═════ Entries supplied

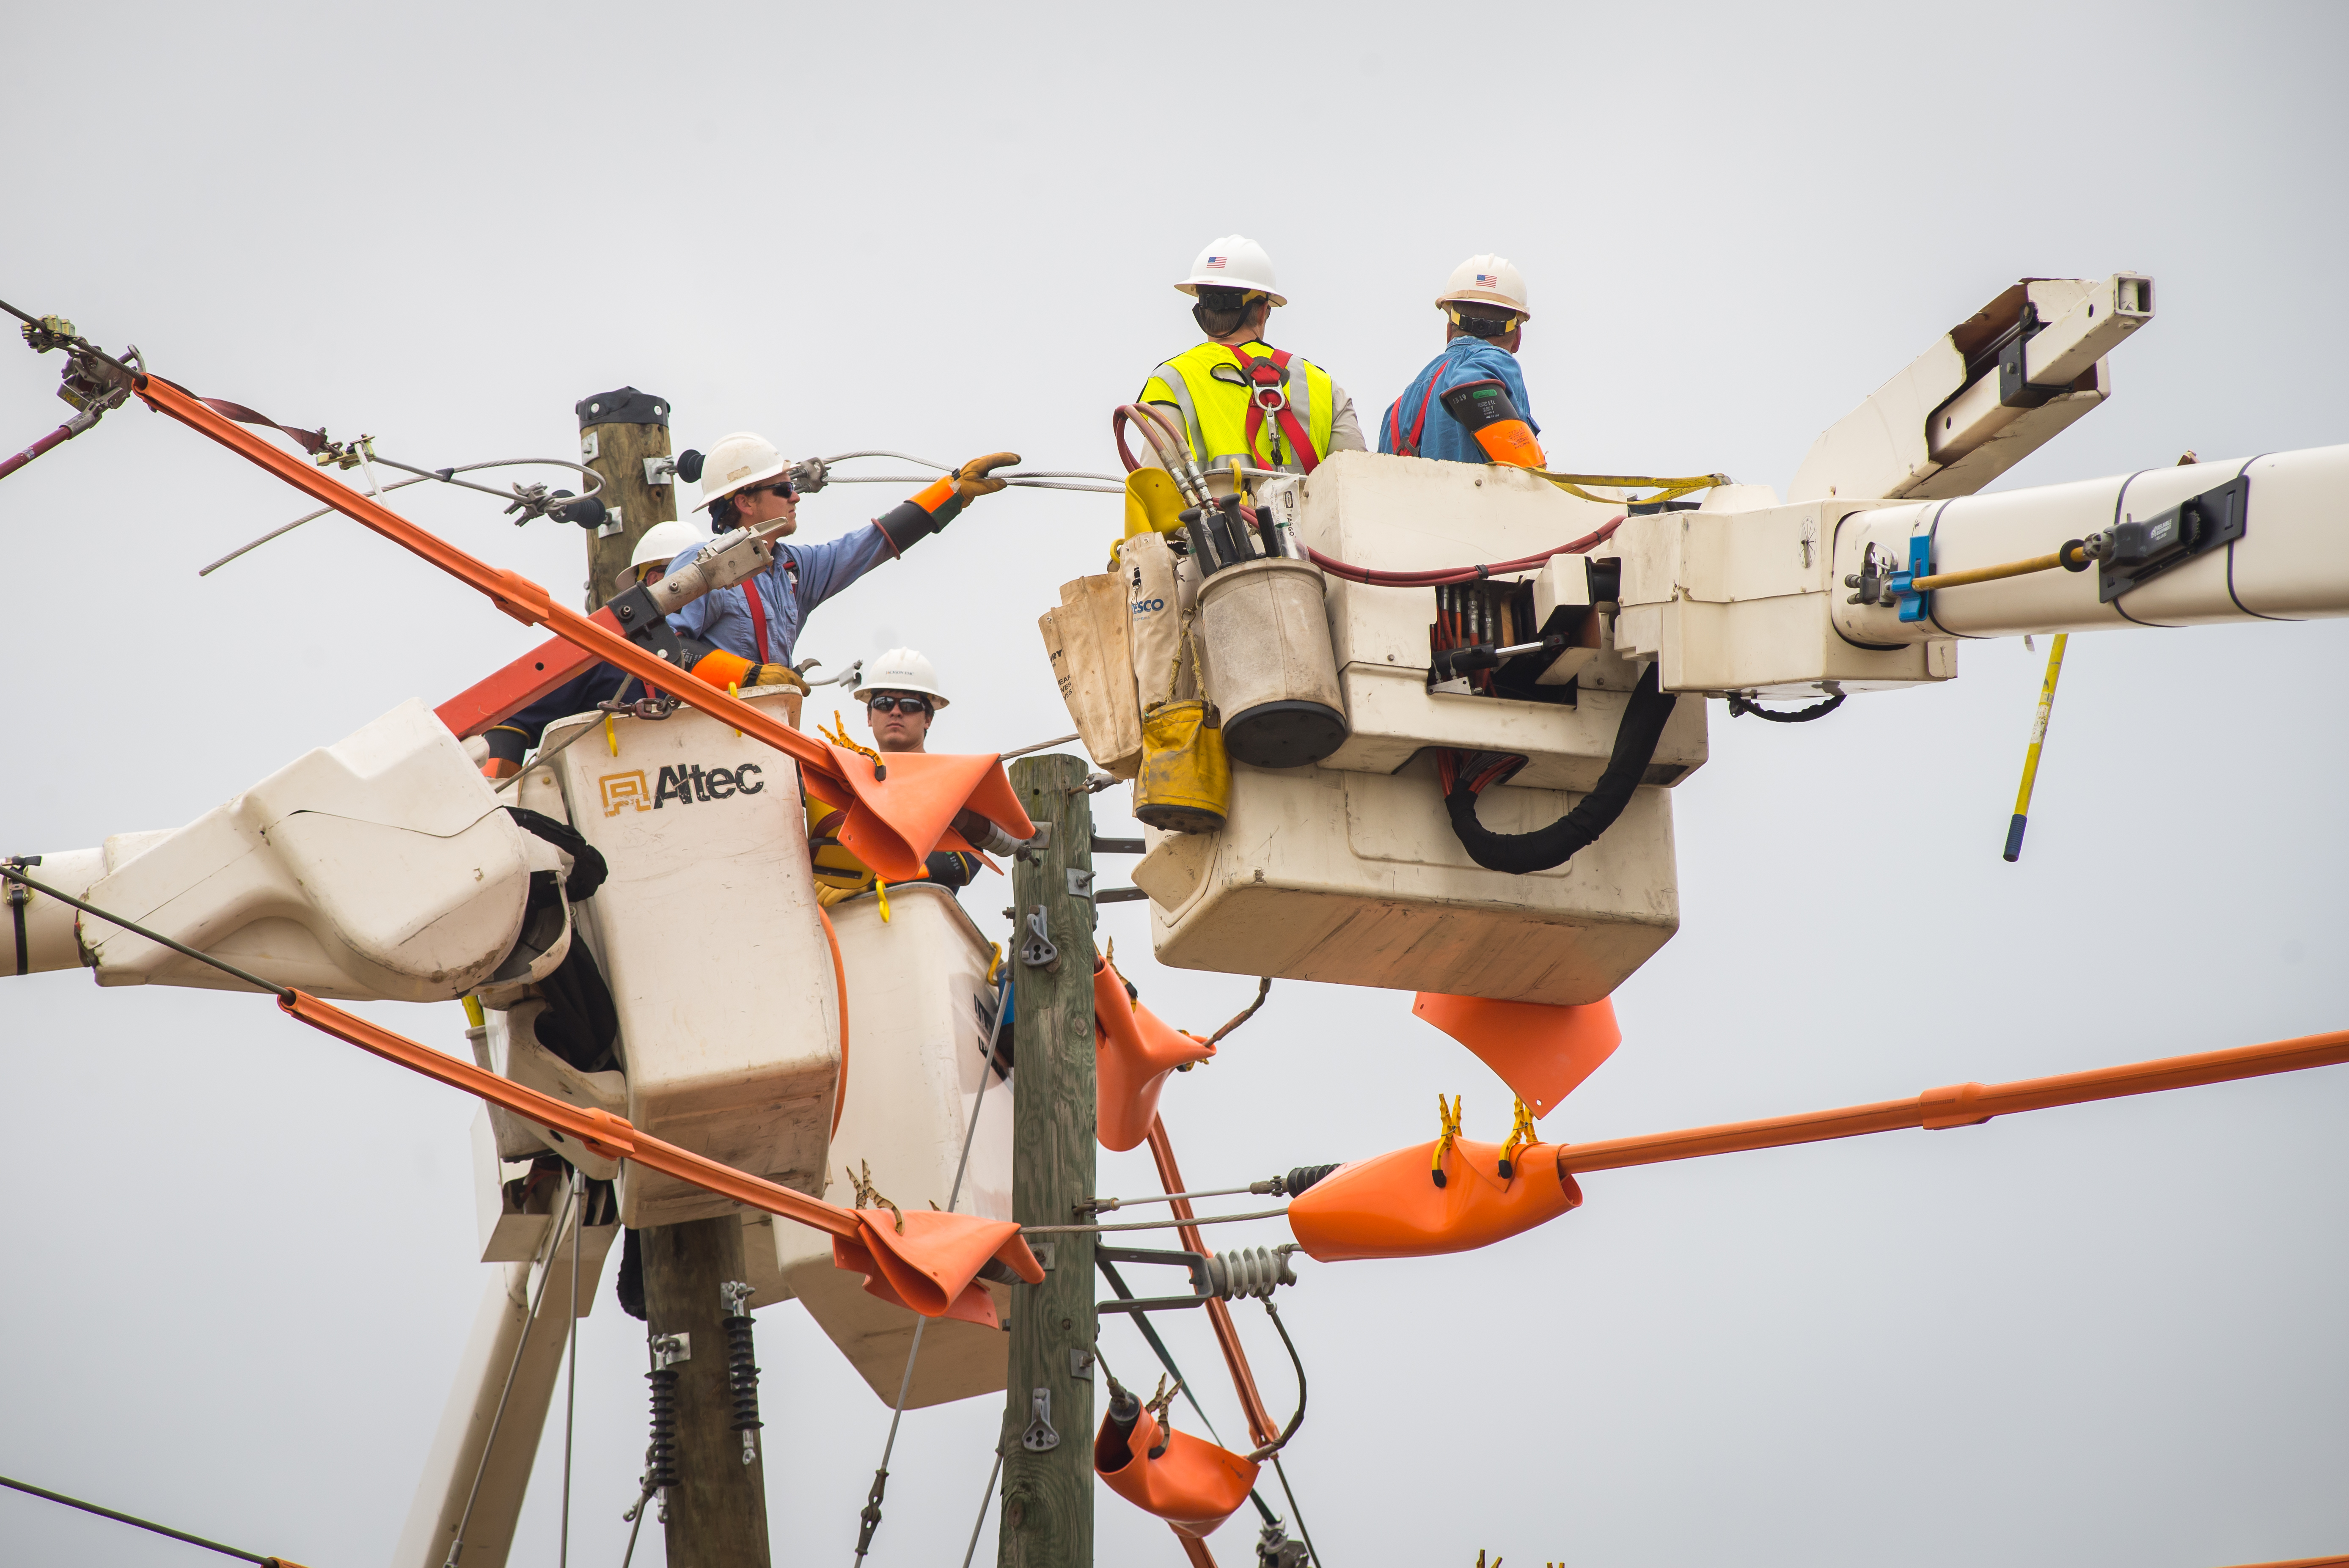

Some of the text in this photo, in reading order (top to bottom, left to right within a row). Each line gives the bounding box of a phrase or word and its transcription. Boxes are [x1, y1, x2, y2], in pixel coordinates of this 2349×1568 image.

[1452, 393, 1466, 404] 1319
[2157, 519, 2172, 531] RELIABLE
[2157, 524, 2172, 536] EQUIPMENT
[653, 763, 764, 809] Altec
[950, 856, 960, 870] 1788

══════════

■ The problem ■
Print every entry exactly. Pictures are not part of the copy.

■ Response to the exercise ■
Some of the text in this photo, in reading order (top to bottom, left to right within a row). Each line gives the bounding box of a phrase or word and its transcription. Boxes are [x1, y1, x2, y2], in pixel coordinates of this 2349×1568 image.

[1452, 393, 1466, 404] 1319
[2157, 519, 2172, 531] RELIABLE
[2157, 524, 2172, 536] EQUIPMENT
[653, 763, 764, 809] Altec
[950, 856, 960, 870] 1788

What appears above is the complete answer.